*** Exercise data ***

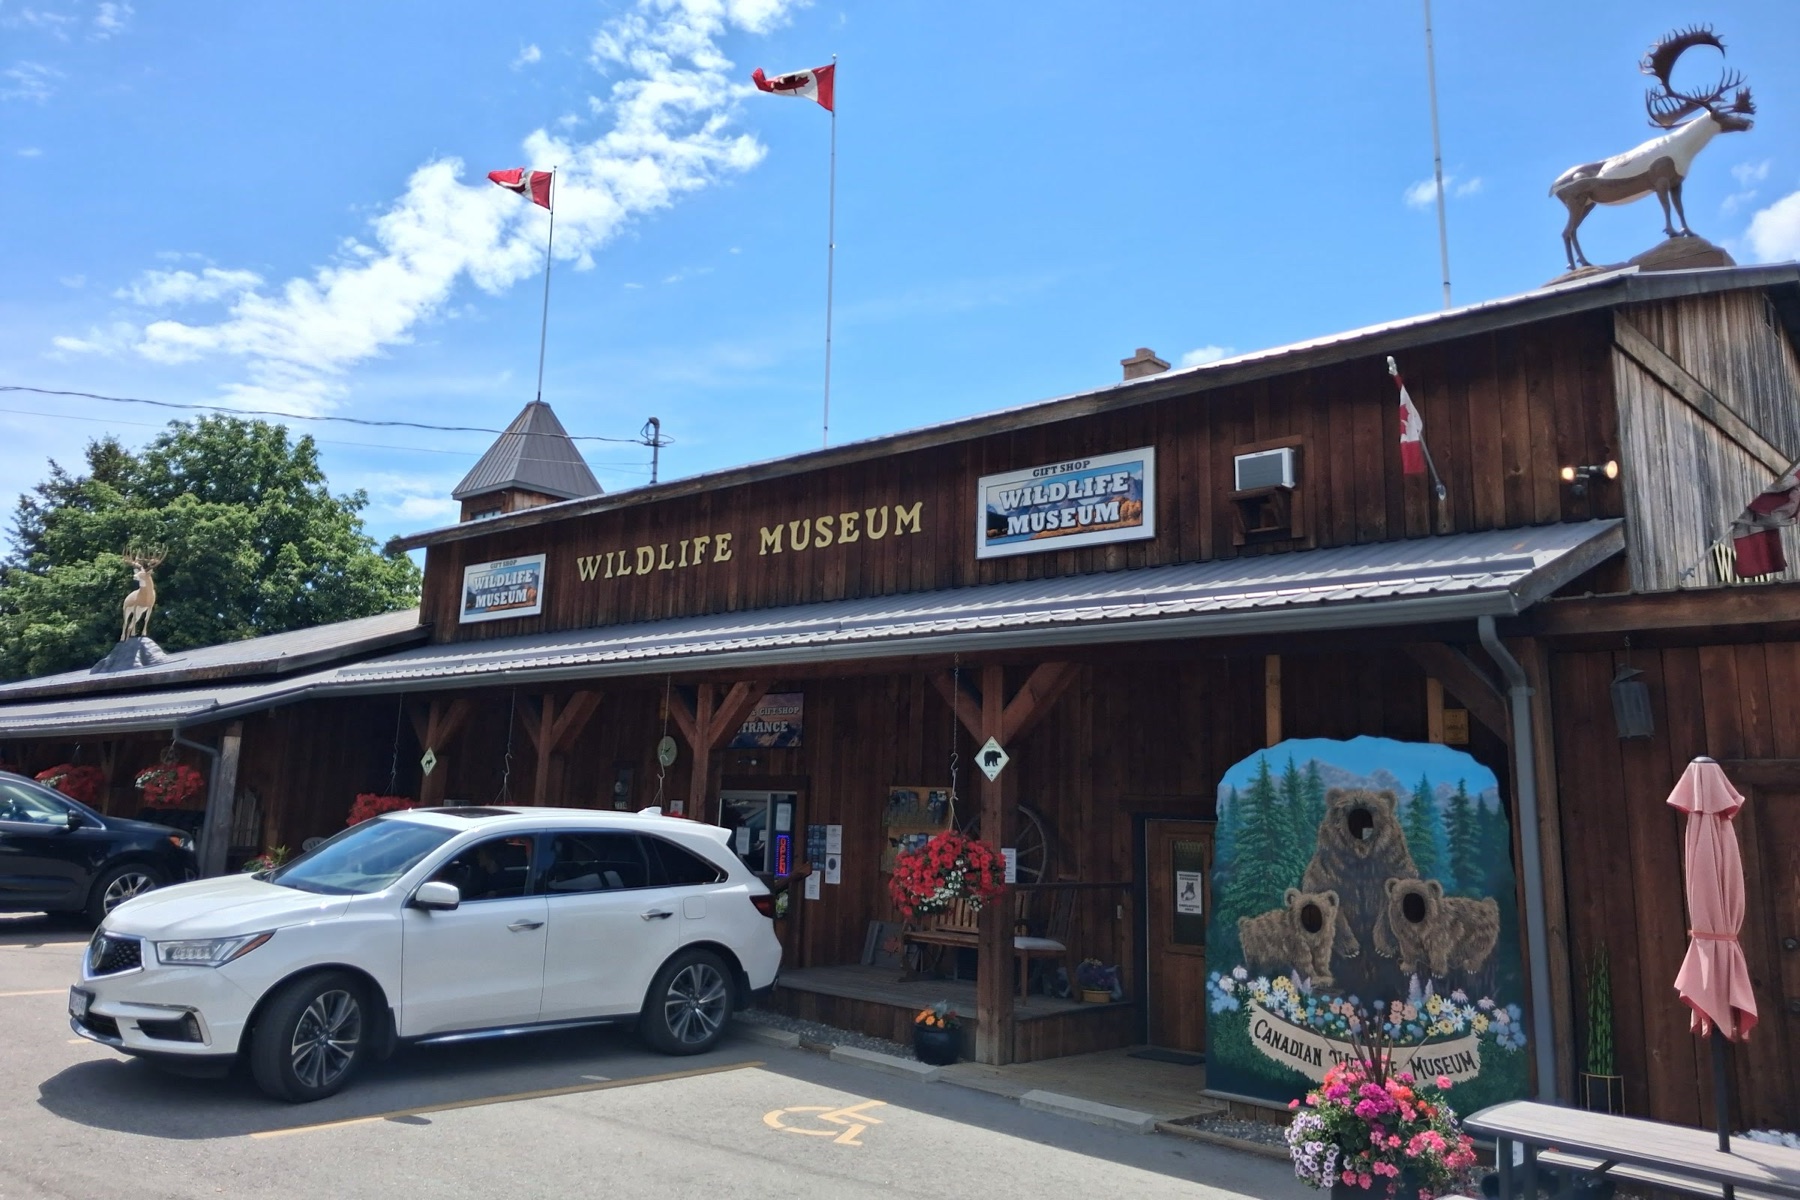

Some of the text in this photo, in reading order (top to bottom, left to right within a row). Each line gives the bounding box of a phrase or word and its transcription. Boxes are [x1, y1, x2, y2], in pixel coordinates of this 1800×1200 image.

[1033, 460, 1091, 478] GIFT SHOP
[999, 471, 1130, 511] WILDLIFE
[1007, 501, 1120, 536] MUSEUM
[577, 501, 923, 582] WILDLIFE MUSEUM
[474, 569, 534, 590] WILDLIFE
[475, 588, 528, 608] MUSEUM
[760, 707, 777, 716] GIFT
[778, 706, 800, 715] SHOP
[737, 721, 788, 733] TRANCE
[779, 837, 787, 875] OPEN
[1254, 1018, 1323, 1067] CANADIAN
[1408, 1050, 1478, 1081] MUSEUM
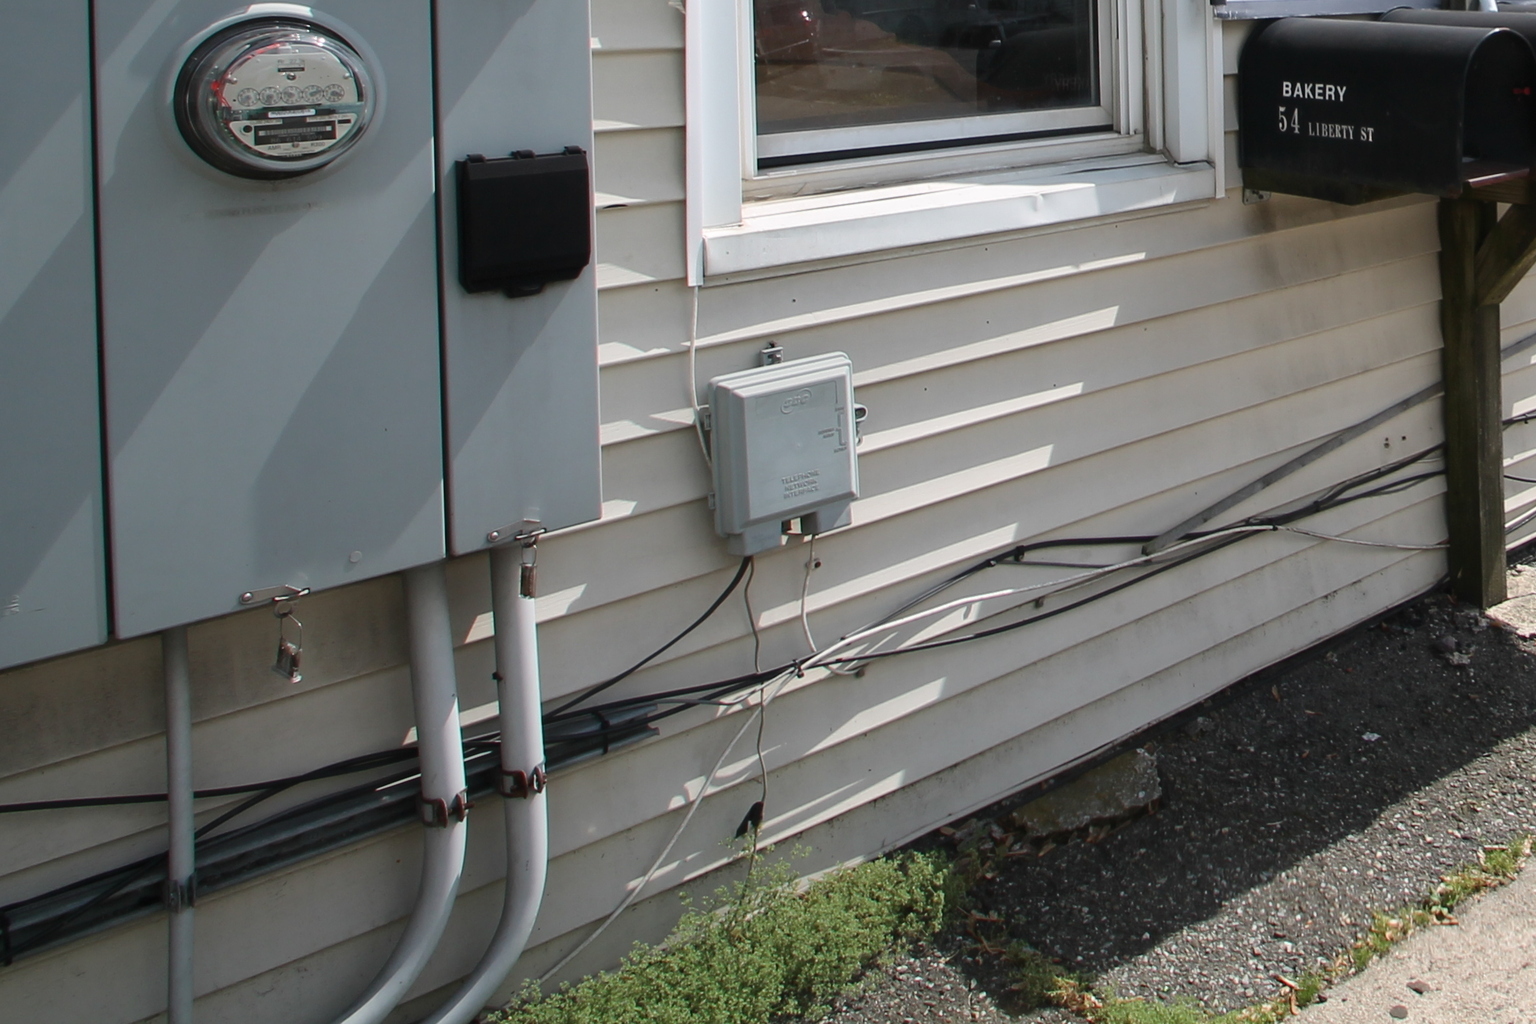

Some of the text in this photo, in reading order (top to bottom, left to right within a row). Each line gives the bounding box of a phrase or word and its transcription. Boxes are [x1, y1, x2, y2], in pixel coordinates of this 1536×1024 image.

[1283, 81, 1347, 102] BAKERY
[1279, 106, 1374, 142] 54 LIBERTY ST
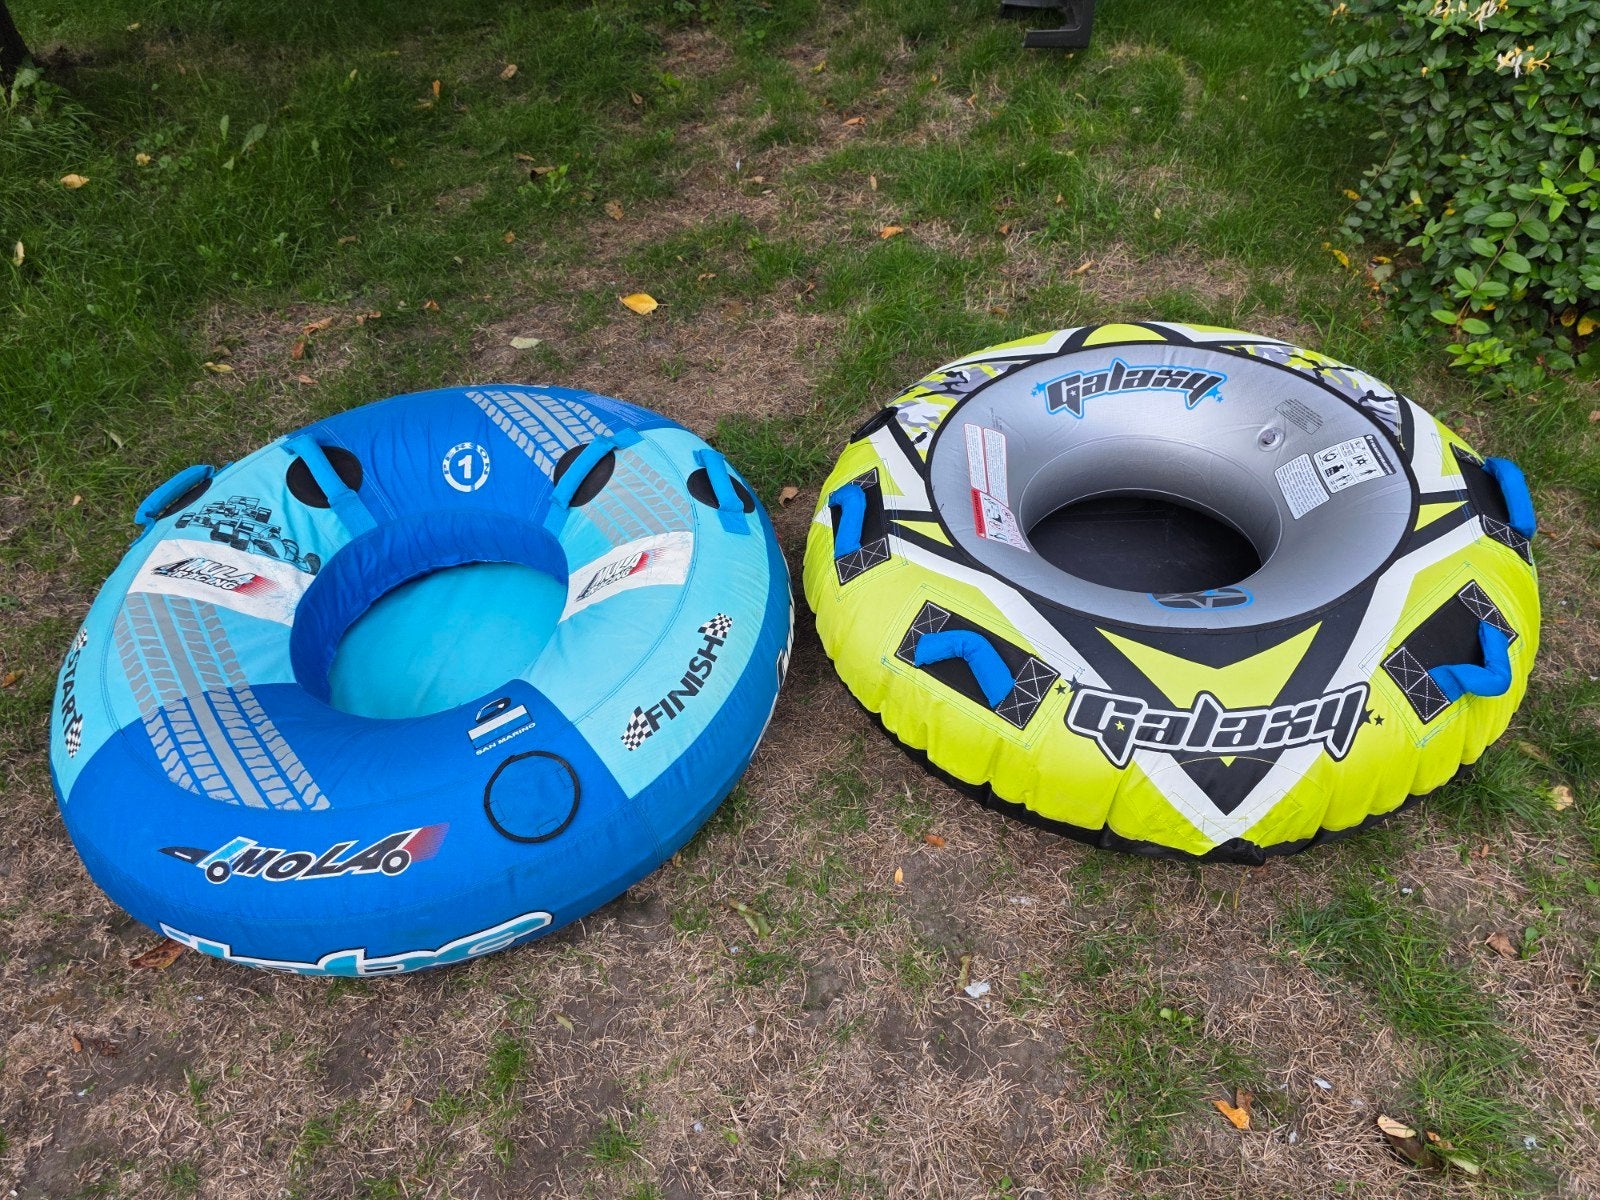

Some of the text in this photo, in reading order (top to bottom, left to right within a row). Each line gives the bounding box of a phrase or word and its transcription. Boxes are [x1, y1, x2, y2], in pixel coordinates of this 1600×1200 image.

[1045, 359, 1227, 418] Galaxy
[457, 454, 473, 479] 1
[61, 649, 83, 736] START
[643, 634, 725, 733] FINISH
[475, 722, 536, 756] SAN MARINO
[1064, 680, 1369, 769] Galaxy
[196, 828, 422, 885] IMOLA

*** End of Exercise data ***

◆ What to produce
Set down every entry above without alteration, but print no images.

◆ Response to this task
Some of the text in this photo, in reading order (top to bottom, left to right within a row). Each line gives the bounding box of a phrase or word and its transcription. Boxes are [x1, y1, x2, y2], in pixel coordinates of this 1800×1200 image.

[1033, 460, 1091, 478] GIFT SHOP
[999, 471, 1130, 511] WILDLIFE
[1007, 501, 1120, 536] MUSEUM
[577, 501, 923, 582] WILDLIFE MUSEUM
[474, 569, 534, 590] WILDLIFE
[475, 588, 528, 608] MUSEUM
[760, 707, 777, 716] GIFT
[778, 706, 800, 715] SHOP
[737, 721, 788, 733] TRANCE
[779, 837, 787, 875] OPEN
[1254, 1018, 1323, 1067] CANADIAN
[1408, 1050, 1478, 1081] MUSEUM

Some of the text in this photo, in reading order (top to bottom, left to right within a row). Each line gives the bounding box of a phrase or word and its transcription. Boxes are [x1, y1, x2, y2], in pixel coordinates of this 1536×1024 image.

[1283, 81, 1347, 102] BAKERY
[1279, 106, 1374, 142] 54 LIBERTY ST

Some of the text in this photo, in reading order (top to bottom, left to right within a row). Each line gives the bounding box of a phrase or word and its transcription. Boxes are [x1, y1, x2, y2], in pixel coordinates of this 1600×1200 image.

[1045, 359, 1227, 418] Galaxy
[457, 454, 473, 479] 1
[61, 649, 83, 736] START
[643, 634, 725, 733] FINISH
[475, 722, 536, 756] SAN MARINO
[1064, 680, 1369, 769] Galaxy
[196, 828, 422, 885] IMOLA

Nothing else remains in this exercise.